Start of Material for the task

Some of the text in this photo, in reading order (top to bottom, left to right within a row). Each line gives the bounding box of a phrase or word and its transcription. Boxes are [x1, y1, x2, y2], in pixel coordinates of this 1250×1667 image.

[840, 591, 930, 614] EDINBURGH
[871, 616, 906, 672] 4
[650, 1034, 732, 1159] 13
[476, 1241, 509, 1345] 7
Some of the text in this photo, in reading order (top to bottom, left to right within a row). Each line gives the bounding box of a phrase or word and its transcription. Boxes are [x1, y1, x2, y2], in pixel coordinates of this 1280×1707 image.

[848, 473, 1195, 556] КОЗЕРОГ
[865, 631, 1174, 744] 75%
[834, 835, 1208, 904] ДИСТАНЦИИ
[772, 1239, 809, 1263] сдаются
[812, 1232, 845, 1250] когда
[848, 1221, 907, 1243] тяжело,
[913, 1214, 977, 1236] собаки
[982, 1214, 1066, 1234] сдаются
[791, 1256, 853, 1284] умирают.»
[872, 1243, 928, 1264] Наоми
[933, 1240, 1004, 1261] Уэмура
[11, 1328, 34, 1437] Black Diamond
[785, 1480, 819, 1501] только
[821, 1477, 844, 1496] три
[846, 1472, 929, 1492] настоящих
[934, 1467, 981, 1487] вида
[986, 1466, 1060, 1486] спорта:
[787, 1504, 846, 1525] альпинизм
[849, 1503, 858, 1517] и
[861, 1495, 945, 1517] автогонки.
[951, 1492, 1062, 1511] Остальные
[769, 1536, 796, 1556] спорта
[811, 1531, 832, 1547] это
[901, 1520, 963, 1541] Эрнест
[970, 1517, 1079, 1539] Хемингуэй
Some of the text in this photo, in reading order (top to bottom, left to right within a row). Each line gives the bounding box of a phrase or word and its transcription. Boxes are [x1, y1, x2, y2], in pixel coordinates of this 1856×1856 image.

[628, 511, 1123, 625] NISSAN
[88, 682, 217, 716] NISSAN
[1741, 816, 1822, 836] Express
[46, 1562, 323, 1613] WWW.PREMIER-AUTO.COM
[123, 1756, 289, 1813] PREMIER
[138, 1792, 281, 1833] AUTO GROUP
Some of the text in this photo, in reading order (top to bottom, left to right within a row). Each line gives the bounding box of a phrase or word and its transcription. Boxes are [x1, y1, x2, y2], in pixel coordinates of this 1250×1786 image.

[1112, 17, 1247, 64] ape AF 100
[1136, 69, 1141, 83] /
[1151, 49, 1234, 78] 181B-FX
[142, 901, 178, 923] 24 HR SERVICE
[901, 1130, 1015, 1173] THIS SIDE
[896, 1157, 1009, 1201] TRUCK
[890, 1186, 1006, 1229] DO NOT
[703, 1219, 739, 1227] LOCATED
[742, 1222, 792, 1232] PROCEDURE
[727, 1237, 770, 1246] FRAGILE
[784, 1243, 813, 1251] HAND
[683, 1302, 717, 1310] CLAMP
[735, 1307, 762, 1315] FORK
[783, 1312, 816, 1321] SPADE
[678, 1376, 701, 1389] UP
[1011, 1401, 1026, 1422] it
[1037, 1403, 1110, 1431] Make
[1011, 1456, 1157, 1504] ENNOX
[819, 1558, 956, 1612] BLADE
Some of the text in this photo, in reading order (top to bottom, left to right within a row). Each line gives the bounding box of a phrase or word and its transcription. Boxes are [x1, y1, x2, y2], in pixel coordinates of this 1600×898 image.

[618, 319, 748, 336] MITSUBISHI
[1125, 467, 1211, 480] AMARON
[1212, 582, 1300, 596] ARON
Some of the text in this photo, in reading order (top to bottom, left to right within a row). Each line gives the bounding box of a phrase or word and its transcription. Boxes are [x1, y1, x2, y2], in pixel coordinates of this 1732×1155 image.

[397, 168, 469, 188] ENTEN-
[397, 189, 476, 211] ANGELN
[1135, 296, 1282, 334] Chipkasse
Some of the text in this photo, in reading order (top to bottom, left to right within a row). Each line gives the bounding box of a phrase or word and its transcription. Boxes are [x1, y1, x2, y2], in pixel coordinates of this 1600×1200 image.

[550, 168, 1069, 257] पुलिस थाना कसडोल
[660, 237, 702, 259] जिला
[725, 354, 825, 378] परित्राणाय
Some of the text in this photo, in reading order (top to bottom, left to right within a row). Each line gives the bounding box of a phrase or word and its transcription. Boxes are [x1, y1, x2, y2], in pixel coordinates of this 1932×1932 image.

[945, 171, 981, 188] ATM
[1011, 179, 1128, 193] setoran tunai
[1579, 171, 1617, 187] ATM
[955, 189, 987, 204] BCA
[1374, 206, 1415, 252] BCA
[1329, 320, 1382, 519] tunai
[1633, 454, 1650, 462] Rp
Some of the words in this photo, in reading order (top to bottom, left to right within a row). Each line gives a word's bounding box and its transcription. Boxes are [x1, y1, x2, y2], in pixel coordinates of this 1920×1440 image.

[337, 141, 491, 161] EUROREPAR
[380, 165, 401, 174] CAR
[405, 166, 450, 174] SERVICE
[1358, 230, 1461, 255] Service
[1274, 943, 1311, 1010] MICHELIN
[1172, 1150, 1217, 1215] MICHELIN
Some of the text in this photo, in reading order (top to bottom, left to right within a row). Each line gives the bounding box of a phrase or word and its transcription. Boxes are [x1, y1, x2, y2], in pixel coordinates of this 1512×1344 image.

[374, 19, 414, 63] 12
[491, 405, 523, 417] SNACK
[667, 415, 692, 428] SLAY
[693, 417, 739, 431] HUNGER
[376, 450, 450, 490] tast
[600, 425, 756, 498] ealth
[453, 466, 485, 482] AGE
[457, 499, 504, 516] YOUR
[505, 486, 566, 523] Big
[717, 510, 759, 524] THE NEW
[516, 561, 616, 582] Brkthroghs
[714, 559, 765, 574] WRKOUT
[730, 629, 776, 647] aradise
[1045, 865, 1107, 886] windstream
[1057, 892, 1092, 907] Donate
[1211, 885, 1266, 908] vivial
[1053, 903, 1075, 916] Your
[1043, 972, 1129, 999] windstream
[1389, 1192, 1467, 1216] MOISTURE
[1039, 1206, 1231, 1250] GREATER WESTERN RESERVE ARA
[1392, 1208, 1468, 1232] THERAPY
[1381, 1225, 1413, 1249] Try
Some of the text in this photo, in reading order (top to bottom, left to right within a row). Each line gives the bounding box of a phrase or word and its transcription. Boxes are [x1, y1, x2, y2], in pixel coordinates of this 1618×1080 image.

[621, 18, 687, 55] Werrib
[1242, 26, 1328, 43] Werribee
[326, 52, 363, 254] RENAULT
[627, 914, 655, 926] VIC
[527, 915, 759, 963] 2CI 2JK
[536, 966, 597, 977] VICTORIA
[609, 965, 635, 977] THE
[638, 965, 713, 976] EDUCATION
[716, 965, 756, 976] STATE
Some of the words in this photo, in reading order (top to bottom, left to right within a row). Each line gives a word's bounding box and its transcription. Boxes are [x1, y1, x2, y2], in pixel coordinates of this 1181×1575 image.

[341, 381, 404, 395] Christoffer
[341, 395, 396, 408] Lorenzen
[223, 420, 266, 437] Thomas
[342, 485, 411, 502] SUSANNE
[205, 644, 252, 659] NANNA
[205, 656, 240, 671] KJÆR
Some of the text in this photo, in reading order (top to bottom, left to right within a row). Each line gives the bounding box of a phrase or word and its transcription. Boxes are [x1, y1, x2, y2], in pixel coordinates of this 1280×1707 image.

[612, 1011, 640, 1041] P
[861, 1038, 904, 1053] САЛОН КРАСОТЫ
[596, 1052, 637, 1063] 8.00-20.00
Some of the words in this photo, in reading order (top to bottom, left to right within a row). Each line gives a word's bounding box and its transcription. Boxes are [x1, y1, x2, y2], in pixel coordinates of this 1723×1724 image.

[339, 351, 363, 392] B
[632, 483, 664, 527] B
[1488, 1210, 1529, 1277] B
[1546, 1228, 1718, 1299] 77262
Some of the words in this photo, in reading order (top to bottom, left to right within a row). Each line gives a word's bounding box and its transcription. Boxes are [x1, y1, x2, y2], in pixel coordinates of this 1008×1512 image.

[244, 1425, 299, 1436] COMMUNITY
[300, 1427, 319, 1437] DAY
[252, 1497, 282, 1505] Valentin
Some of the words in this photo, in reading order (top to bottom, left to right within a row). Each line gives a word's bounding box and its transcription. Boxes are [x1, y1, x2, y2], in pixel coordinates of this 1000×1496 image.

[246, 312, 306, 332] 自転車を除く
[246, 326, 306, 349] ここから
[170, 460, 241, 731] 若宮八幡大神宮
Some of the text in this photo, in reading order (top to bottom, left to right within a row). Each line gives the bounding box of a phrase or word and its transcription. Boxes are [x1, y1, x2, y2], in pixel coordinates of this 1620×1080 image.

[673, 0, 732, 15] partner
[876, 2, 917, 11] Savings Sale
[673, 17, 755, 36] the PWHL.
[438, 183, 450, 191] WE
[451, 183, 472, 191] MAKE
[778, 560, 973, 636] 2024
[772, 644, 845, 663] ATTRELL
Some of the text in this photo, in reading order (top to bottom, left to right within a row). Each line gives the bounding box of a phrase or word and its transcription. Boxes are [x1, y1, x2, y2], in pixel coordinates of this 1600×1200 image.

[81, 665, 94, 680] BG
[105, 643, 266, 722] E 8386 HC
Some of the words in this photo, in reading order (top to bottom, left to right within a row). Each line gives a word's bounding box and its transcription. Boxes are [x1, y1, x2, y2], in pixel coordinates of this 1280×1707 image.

End of Material for the task

== What you should do ==
Set down exactly, and only, the lines from the one containing "this 1723×1724 image." through the final line of the entries above.

== Output below ==
Some of the words in this photo, in reading order (top to bottom, left to right within a row). Each line gives a word's bounding box and its transcription. Boxes are [x1, y1, x2, y2], in pixel coordinates of this 1723×1724 image.

[339, 351, 363, 392] B
[632, 483, 664, 527] B
[1488, 1210, 1529, 1277] B
[1546, 1228, 1718, 1299] 77262
Some of the words in this photo, in reading order (top to bottom, left to right within a row). Each line gives a word's bounding box and its transcription. Boxes are [x1, y1, x2, y2], in pixel coordinates of this 1008×1512 image.

[244, 1425, 299, 1436] COMMUNITY
[300, 1427, 319, 1437] DAY
[252, 1497, 282, 1505] Valentin
Some of the words in this photo, in reading order (top to bottom, left to right within a row). Each line gives a word's bounding box and its transcription. Boxes are [x1, y1, x2, y2], in pixel coordinates of this 1000×1496 image.

[246, 312, 306, 332] 自転車を除く
[246, 326, 306, 349] ここから
[170, 460, 241, 731] 若宮八幡大神宮
Some of the text in this photo, in reading order (top to bottom, left to right within a row). Each line gives the bounding box of a phrase or word and its transcription. Boxes are [x1, y1, x2, y2], in pixel coordinates of this 1620×1080 image.

[673, 0, 732, 15] partner
[876, 2, 917, 11] Savings Sale
[673, 17, 755, 36] the PWHL.
[438, 183, 450, 191] WE
[451, 183, 472, 191] MAKE
[778, 560, 973, 636] 2024
[772, 644, 845, 663] ATTRELL
Some of the text in this photo, in reading order (top to bottom, left to right within a row). Each line gives the bounding box of a phrase or word and its transcription. Boxes are [x1, y1, x2, y2], in pixel coordinates of this 1600×1200 image.

[81, 665, 94, 680] BG
[105, 643, 266, 722] E 8386 HC
Some of the words in this photo, in reading order (top to bottom, left to right within a row). Each line gives a word's bounding box and its transcription. Boxes are [x1, y1, x2, y2], in pixel coordinates of this 1280×1707 image.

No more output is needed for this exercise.